Lance-Corporal Duckett, the fair boy, ran to within two foot of Tietjens' feet and pulled up with a Guardee's stamp and a terrific salute. There was life in the old dog yet. Meaning that a zest for spit and polish survived in places in these ragtime days.

The boy said, panting--it might have been agitation, or that he had run so fast...But why had he run so fast if he were not agitated:

'If you please, sir,'...Pant...'Will you come to the Colonel?'...Pant. 'With as little delay as possible!' He remained panting.

It went through Tietjens' mind that he was going to spend the rest of that day in a comfortable, dark hole. Not in the blinding daylight...Let us be thankful!

Leaving Lance-Corporal Duckett...it came suddenly into his head that he liked that boy because he suggested Valentine Wannop!...to converse in intimate tones with Aranjuez and so to distract him from the fear of imminent death or blindness that would mean the loss of his girl, Tietjens went smartly back along the trenches. He didn't hurry. He was determined that the men should not see him hurry. Even if the Colonel should refuse to be relieved of the command, Tietjens was determined that the men should have the consolation of knowing that Headquarters numbered one cool, sauntering soul amongst its members.

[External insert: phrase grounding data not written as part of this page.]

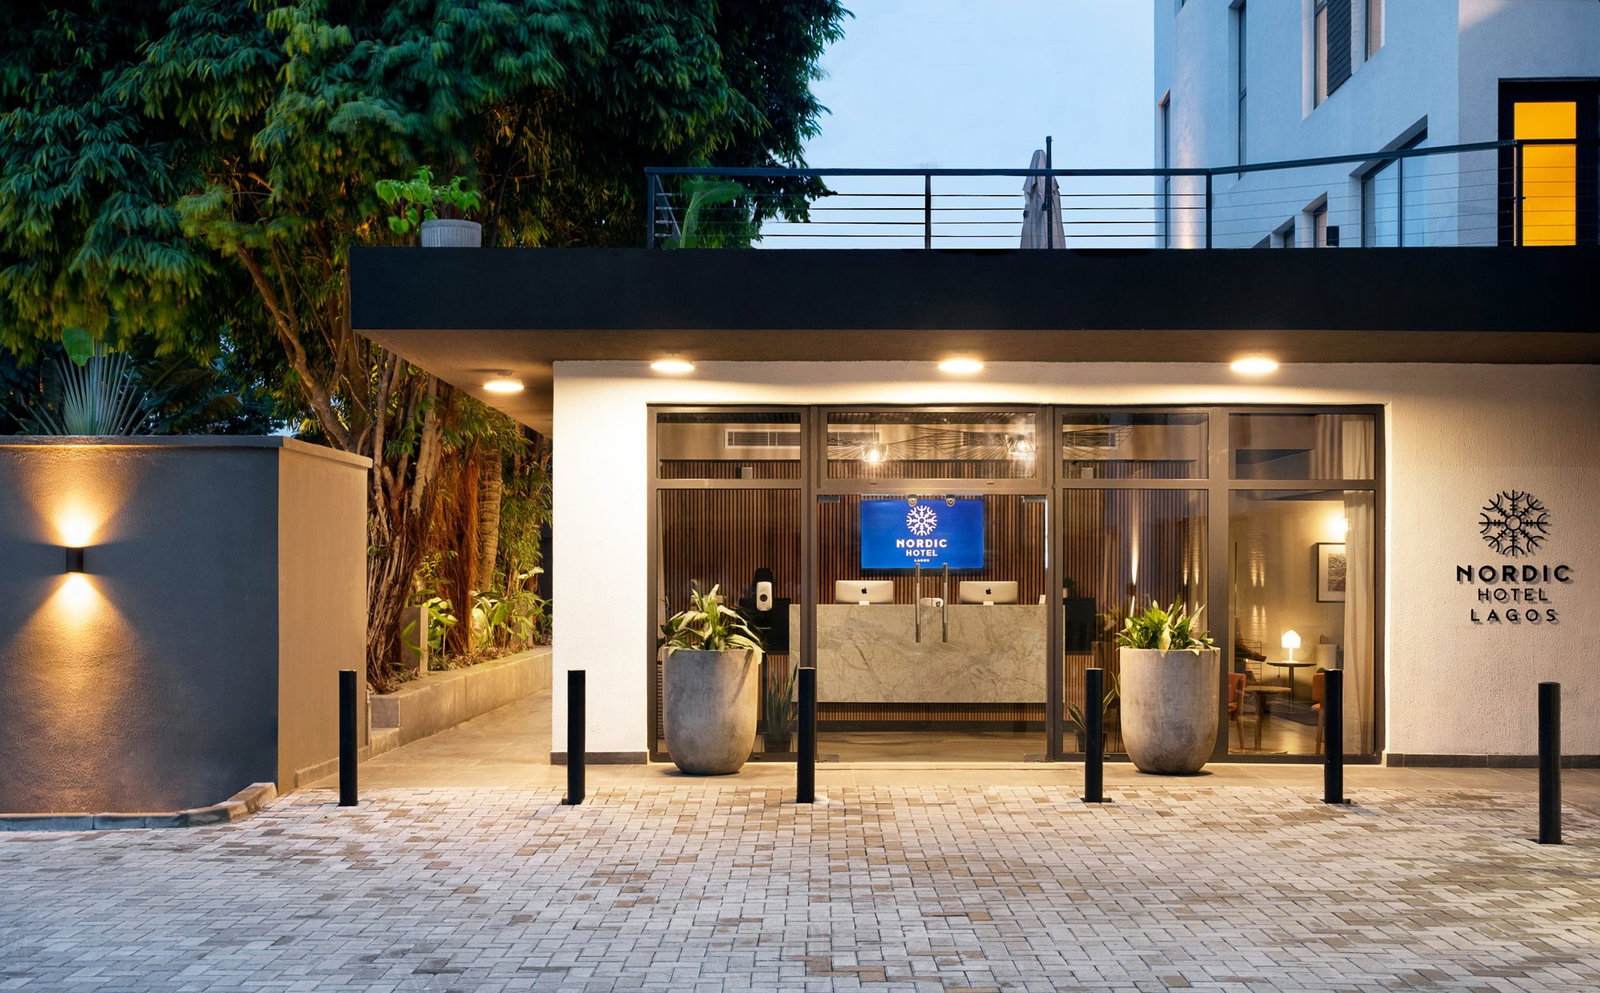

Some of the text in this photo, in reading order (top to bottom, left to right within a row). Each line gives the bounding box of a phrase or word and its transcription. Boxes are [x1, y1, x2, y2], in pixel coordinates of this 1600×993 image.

[896, 539, 947, 548] NORDIC
[905, 549, 938, 557] HOTEL
[1456, 565, 1570, 582] NORDIC
[1478, 588, 1548, 601] HOTEL
[1470, 608, 1556, 622] LAGOS
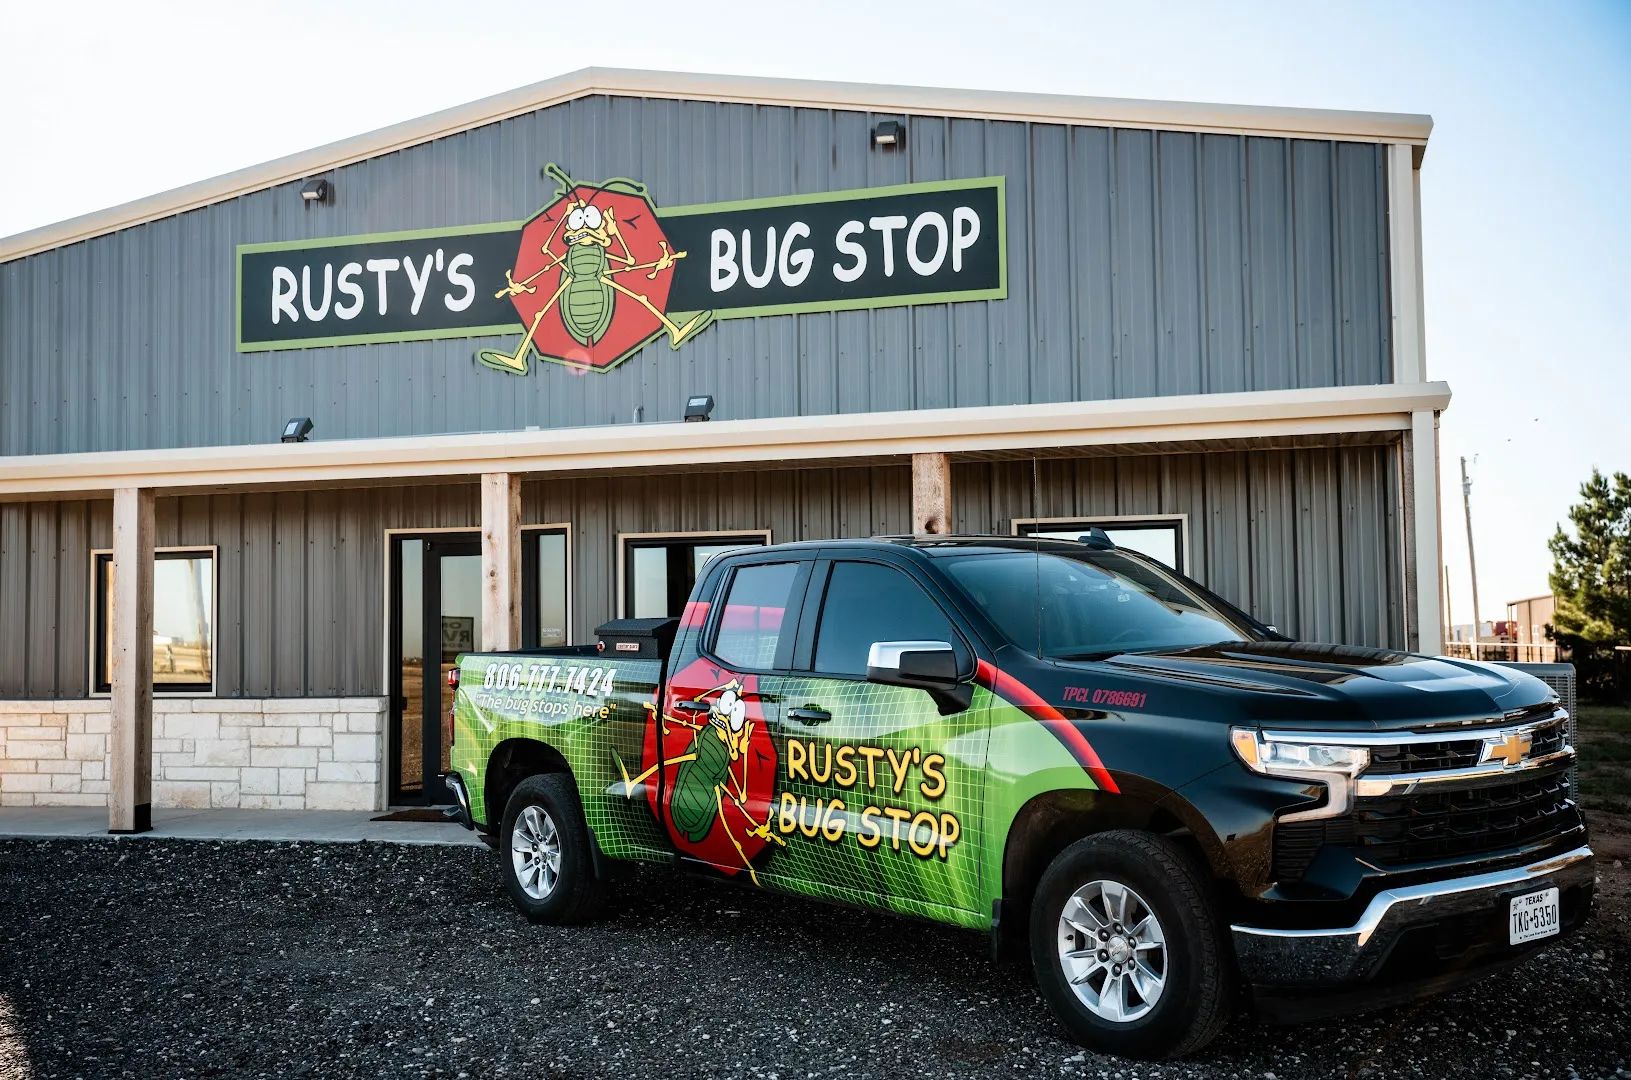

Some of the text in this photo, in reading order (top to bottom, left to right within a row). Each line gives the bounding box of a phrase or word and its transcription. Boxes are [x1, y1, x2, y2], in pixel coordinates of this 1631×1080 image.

[272, 206, 981, 325] RUSTY'S BUG STOP
[483, 663, 617, 697] 806.777.7424
[1062, 686, 1147, 708] TPCL 0786691
[504, 695, 529, 714] bug
[531, 700, 568, 717] stops
[573, 701, 617, 719] here"
[787, 739, 946, 798] RUSTY'S
[778, 792, 960, 859] BUG STOP
[1525, 893, 1543, 906] TEXAS

They had had, when they took over the Trasna Valley trenches before the Mametz Wood affair, a rather good Major who wore an eyeglass and was of good family. He had something the matter with him, for he committed suicide later...But, as they went in, the Huns, say fifty yards away, began to shout various national battle-cries of the Allies or the melodies of regimental quicksteps of British regiments. The idea was that if they heard, say: 'Some talk of Alexander...' resounding from an opposite trench, H.M. Second Grenadier Guards would burst into cheers and Brother Hun would know what he had before him.

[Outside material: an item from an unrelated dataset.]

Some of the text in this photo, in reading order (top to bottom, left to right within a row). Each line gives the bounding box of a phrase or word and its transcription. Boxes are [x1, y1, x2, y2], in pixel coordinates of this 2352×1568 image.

Well, this Major Grosvenor shut his men up, naturally, and stood listening with his eyeglass screwed into his face and the air of a connoisseur at a quartette party. At last he took his eyeglass out, threw it in the air and caught it again.

'Shout, Banzai! men,' he said.

That, on the off-chance, might give the Enemy a scunner at the thought that we had Japanese troops in the line in front of them, or it would show them that we were making game of them, a form of offensive that sent these owlish fellows mad with rage...So the Huns shut up!

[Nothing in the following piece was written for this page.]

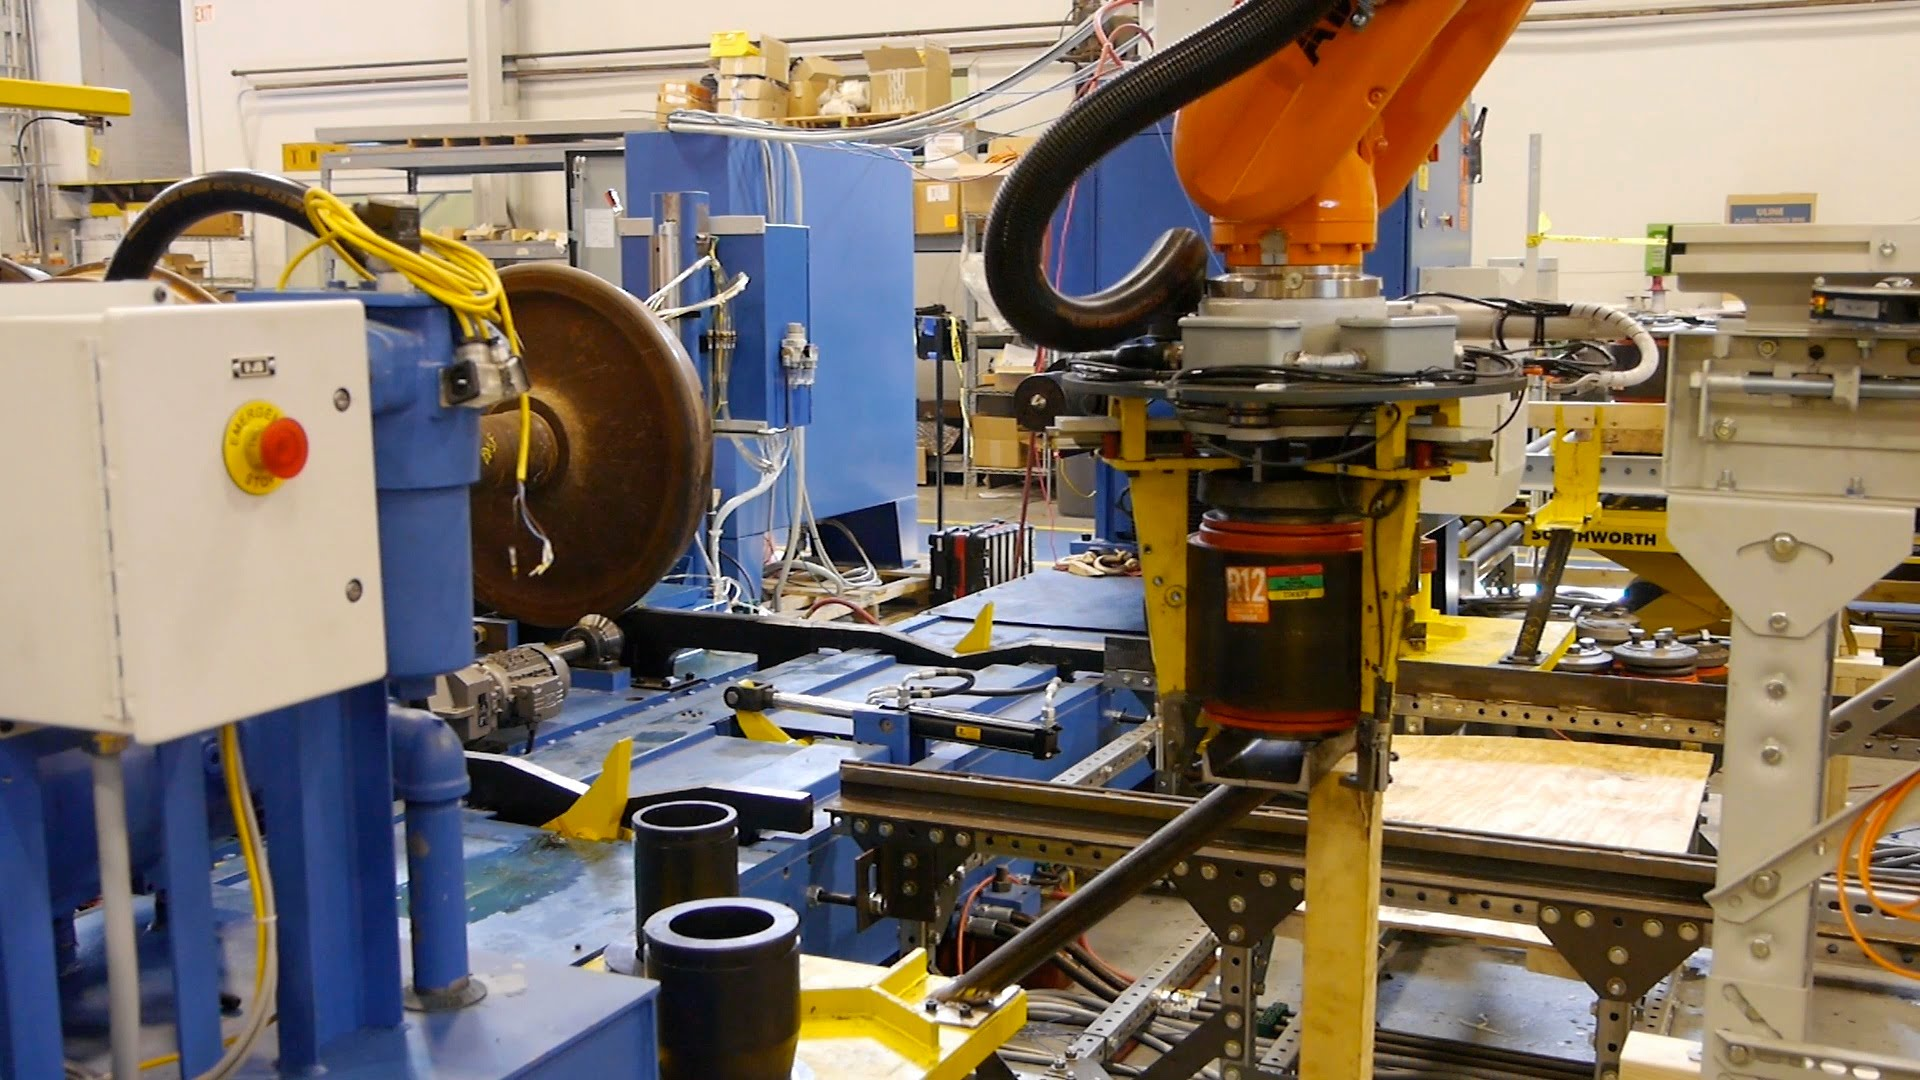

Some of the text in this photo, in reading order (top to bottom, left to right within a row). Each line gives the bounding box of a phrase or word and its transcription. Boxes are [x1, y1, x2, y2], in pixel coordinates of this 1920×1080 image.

[229, 406, 280, 447] EMERGE
[1532, 529, 1656, 546] SOHWORTH
[1226, 566, 1268, 602] R12

That was the sort of humour in an officer that the men still liked--. The sort of humour Tietjens himself had not got: but he could appear unconcernedly reflective and all there--and he could tell them, at trying moments, that, say, their ideas about skylarks were all wrong...That was tranquilizing.

Once he had heard a Papist Padre preaching in a barn, under shell-fire. At any rate shells were going overhead and pigs underfoot. The Padre had preached about very difficult points in the doctrine of the Immaculate Conception, and the men had listened raptly. He said that was common sense. They didn't want lachrymose or mortuary orations. They wanted their minds taken off...So did the Padre!

Thus you talk to the men, just before the event, about skylarks, or the hind-legs of the elephant at the old Lane! And you don't hurry when the Colonel sends for you.